Le fonctionnement des écosystèmes, spécialement dans les domaines industriels à forte composante informatique, a beaucoup changé, au cours des dernières décennies.
Le bon vieux paradigme de la compétition industrielle à
l’ancienne, dans lequel chaque acteur cherchait à gagner, d’année en année, des
parts de marché sur la concurrence, dans des marchés relativement stabilisés,
est révolu.
A l’époque, les marchés étaient cantonnés à des envergures
nationales. Un service commercial qui décidait d’attaquer un nouveau marché
étranger, commençait par étudier de manière fine les spécificités locales,
notamment les aspects juridiques, et établissait un cahier des charges de
spécificités locales, dans le but d’adapter le produit maison à ce nouveau
marché. Ensuite, des commerciaux locaux étaient embauchés, dans une structure
juridique locale créée pour l’occasion, pour sillonner le terrain, et présenter
le produit aux indigènes dans leur propre langue. Si le nouveau marché
s’établissait bien, on envisageait, à terme, d’ouvrir une usine de fabrication
dans le pays même, pour rapprocher la fabrication du produit de ses consommateurs
locaux.
D’année en année, les prix des produits avaient tendance à
baisser, des investissements industriels réguliers étant faits pour augmenter
la productivité, améliorer les processus de production, et au final abaisser
les coûts de production. C’est ainsi que l’on agrandissait son marché, en le
rendant plus accessible à plus de consommateurs potentiels.

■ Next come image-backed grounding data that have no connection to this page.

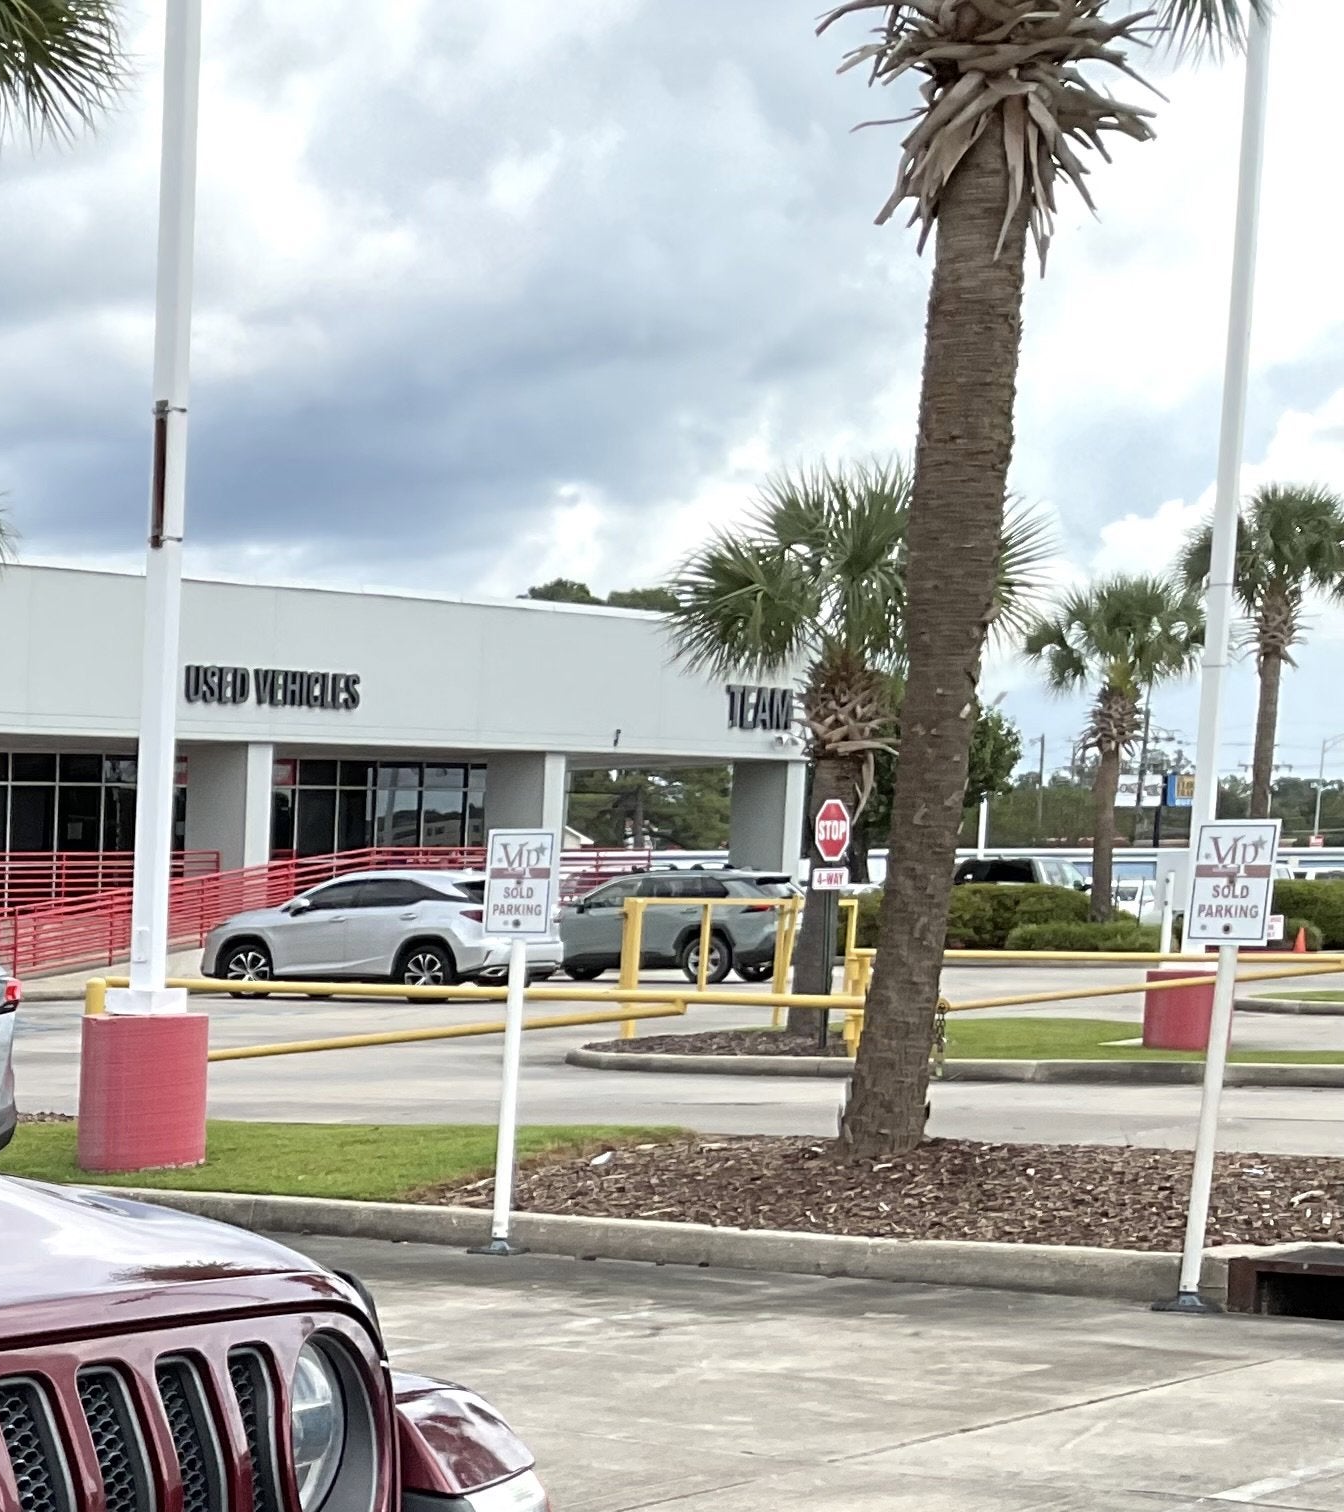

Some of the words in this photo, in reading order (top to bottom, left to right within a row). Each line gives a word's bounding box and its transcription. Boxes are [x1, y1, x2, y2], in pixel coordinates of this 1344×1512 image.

[184, 664, 250, 704] USED
[253, 667, 361, 710] VEHICLES
[726, 684, 793, 730] TEAM
[818, 820, 846, 841] STOP
[816, 872, 844, 886] 4-WAY
[503, 886, 534, 899] SOLD
[1211, 884, 1250, 899] SOLD
[492, 904, 542, 917] PARKING
[1197, 904, 1259, 919] PARKING

Les ouvriers, contremaitres et ingénieurs qui travaillaient
dans les usines développaient une vraie expertise, avec les années. Ils
fondaient une famille et élevaient des enfants, souvent ancrés pour plusieurs
générations dans le tissu local de la ville.

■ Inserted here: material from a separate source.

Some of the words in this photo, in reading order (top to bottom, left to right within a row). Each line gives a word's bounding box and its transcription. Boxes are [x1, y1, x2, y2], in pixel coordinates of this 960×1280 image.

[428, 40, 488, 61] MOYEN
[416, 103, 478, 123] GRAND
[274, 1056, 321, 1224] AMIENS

Le patron disposait d’une belle fortune à la fin de sa vie, soit en vendant son usine à un grand groupe, soit en la cédant à ses enfants, qui pouvaient parfois à leur tour faire leur vie comme patron, parfois.
Mais maintenant
Mais maintenant, les conditions des marchés ont dramatiquement changé, bouleversant le fonctionnement de la société, qui n’avait vraiment pas besoin de ça, avec les catastrophes écologiques qui s’accumulent.
Winner takes all
Un marché concurrentiel n’a plus vraiment le temps de
s’établir : Très rapidement, dans chaque marché de nouveaux produits, un
acteur seulement domine le marché au point d’en rafler l’essentiel de la valeur
ajoutée. Son produit n’est pas vraiment meilleur que celui des concurrents
étrillés, sur le plan technique, l’engouement de la demande se fondant sur des
critères très subjectifs comme un design réussi, ou un marketing très actif.
Formation du prix aberrante
Du coup, cet acteur « very much in the demand » n’a aucune motivation
à faire baisser son prix de vente. Au contraire, il est normal pour lui de
s’efforcer de monter en gamme, et donc en prix, de manière continue. Ainsi,
assez rapidement, le produit en question devient un produit de luxe, réservé à
une population d’afficionados (appelés geeks depuis le XXième siècle), qui
suivent les yeux fermés, faisant fi de l’obsolescence réelle du produit, et
achetant tous les ans, par pur snobisme, le produit dans son nouveau millésime.
Rupture avec le travail
Les produit technologiques en question ont nécessairement une très forte
composante informatique : tout est informatique au XXIème siècle. Les
voitures électriques, qui vont progressivement remplacer les voitures diesel ou
essence, ne représentent plus un chef d’œuvre de mécanique et éventuellement
d’électronique comme dans les années 2000. Elles sont réduites à un gros moteur
électrique (simplissime sur le plan mécanique) et une immense puissance de
calcul algorithmique (pour le logiciel d’auto conduite par exemple). Du coup,
comme dans tout produit informatique, il est le fruit du travail d’une équipe
très réduite, qui sera en mesure de dupliquer à l’infini son
« code », sans construire vraiment de cosme, même micro : Une
killer-app sera habituellement fabriquée par une équipe de moins de 1000
informaticiens, et sera utilisée dans le monde entier à des millions, voire des
milliards d’exemplaires.
Mais tous ne rêvent que de s’acheter le futur IPhone 27 surfacturé, qui permet de regarder une vidéo en très haute qualité dans l'ascenseur d'un parking souterrain.